Ah ! parmi vous, traînant ma rage inassouvie,
Mes sœurs, il n’en est pas une que je n’envie.
Vos maris sont prudents ; ils vous donnent, dit-on,
Sur le dos et les reins de bons coups de bâton.
Si vous les trompez, ils vous battent. C’est la mode.
Mais, après, quel plaisir quand on se raccommode,
Et comme il semble doux à vos cœurs apaisés,
Lorsque les coups ont plu, qu’il pleuve des baisers !
Mais seule parmi vous, je n’aurai nul salaire,
Hélas ! puisque mon ours n’est jamais en colère.
J’ai beau crier, hurler ; quand j’exhale mon fiel,
Il dit : « Bon. Ce n’est rien, c’est un orage au ciel,
Cela passera. » Mais je n’ai pas l’âme ingrate.
J’en ferai tant, tant, tant, qu’il faudra que Socrate
S’émeuve aussi, dussé-je enfin prendre un tison,
Et mettre un jour le feu, moi-même, à la maison !

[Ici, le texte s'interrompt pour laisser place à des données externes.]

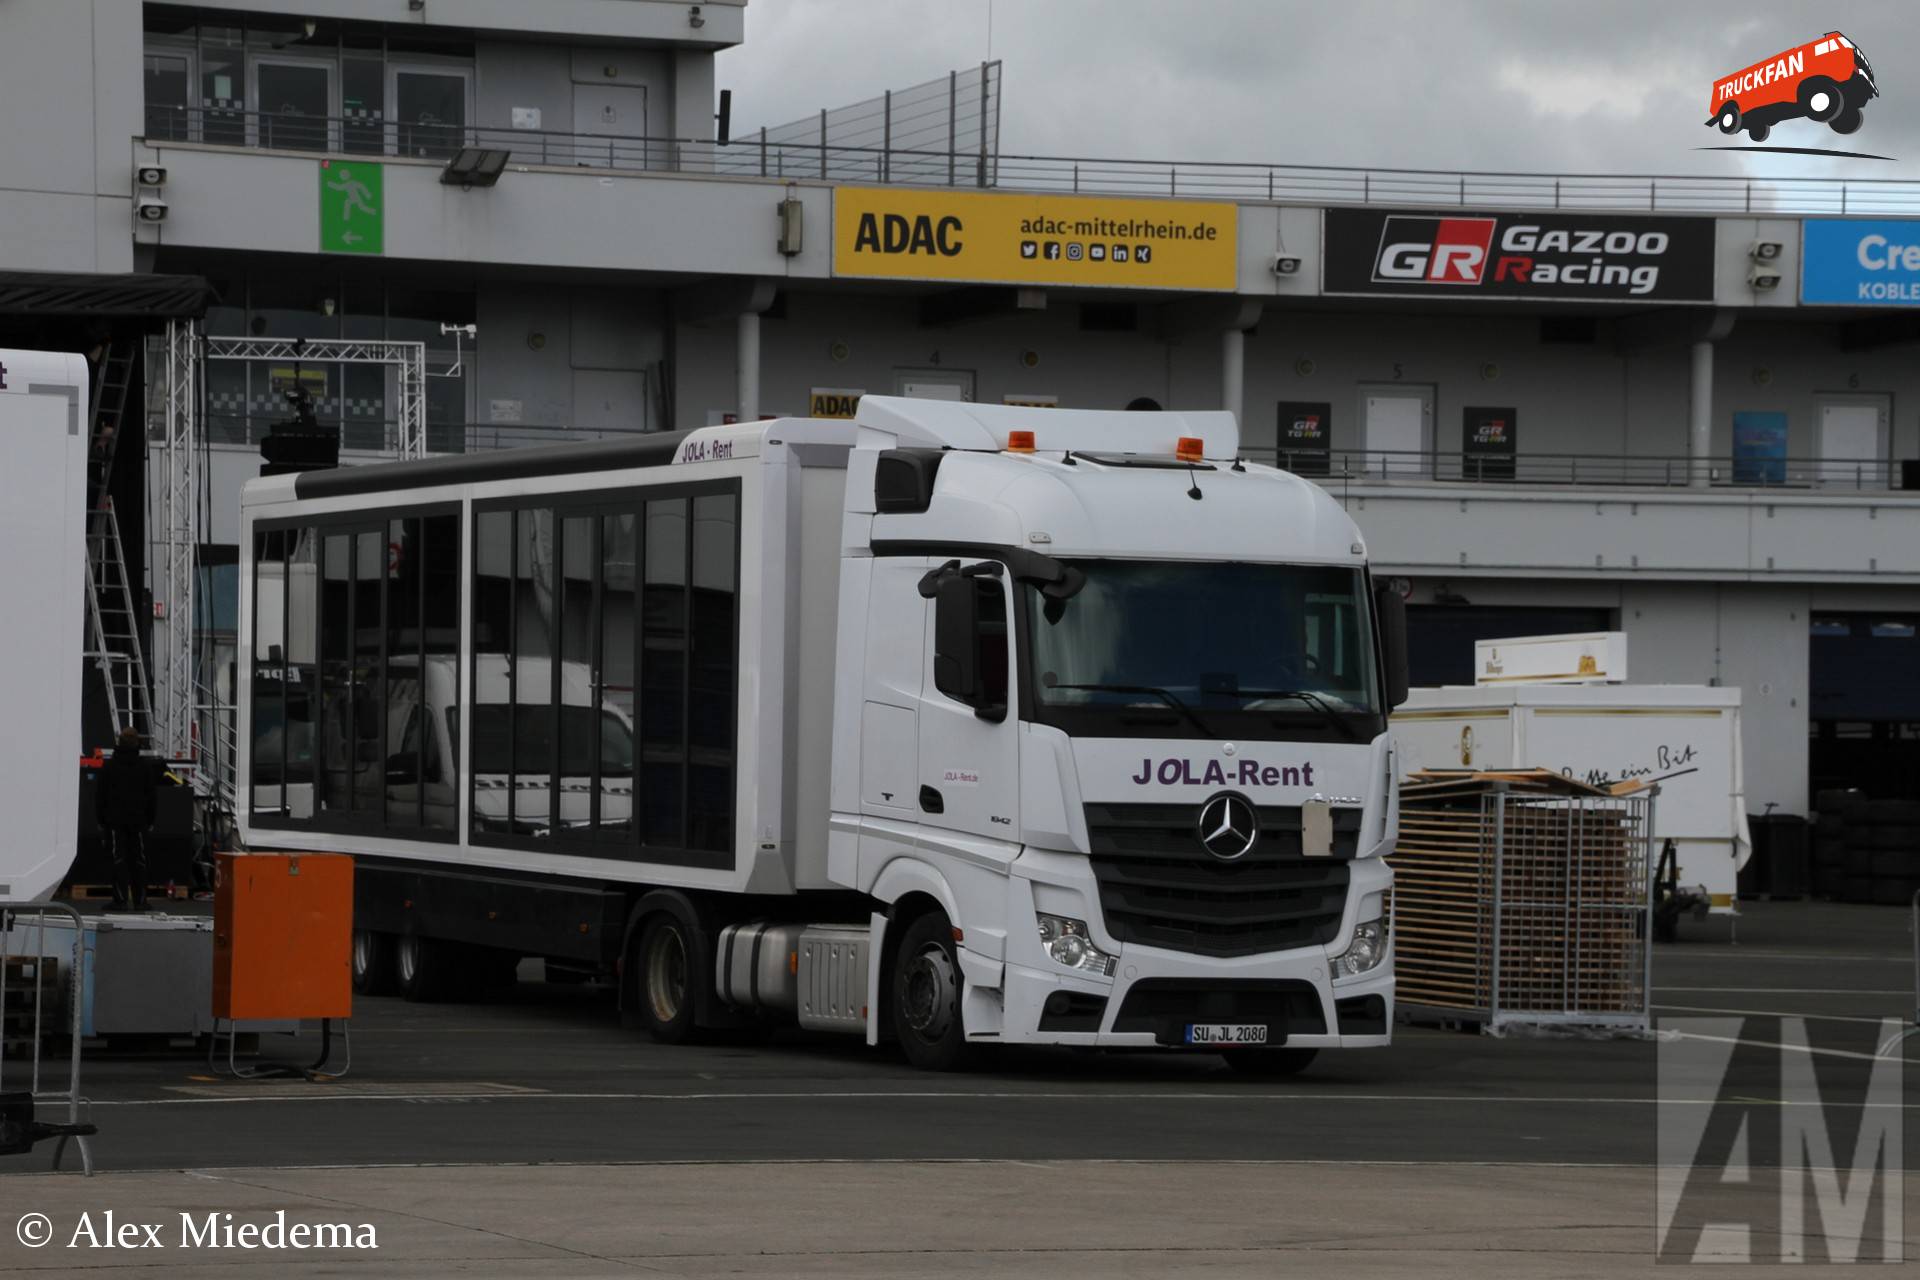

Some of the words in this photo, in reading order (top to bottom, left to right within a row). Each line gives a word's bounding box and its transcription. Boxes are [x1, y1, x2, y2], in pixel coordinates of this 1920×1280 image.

Qu’on puisse voir alors, sous le mur qui flamboie,
Rugir mon philosophe, et moi crever de joie !
Apercevant Socrate qui s’avance, entouré d’amis, de femmes et de citoyens.
On vient. C’est lui, traînant à ses talons des tas
De gens, de tous les bourgs et de tous les états.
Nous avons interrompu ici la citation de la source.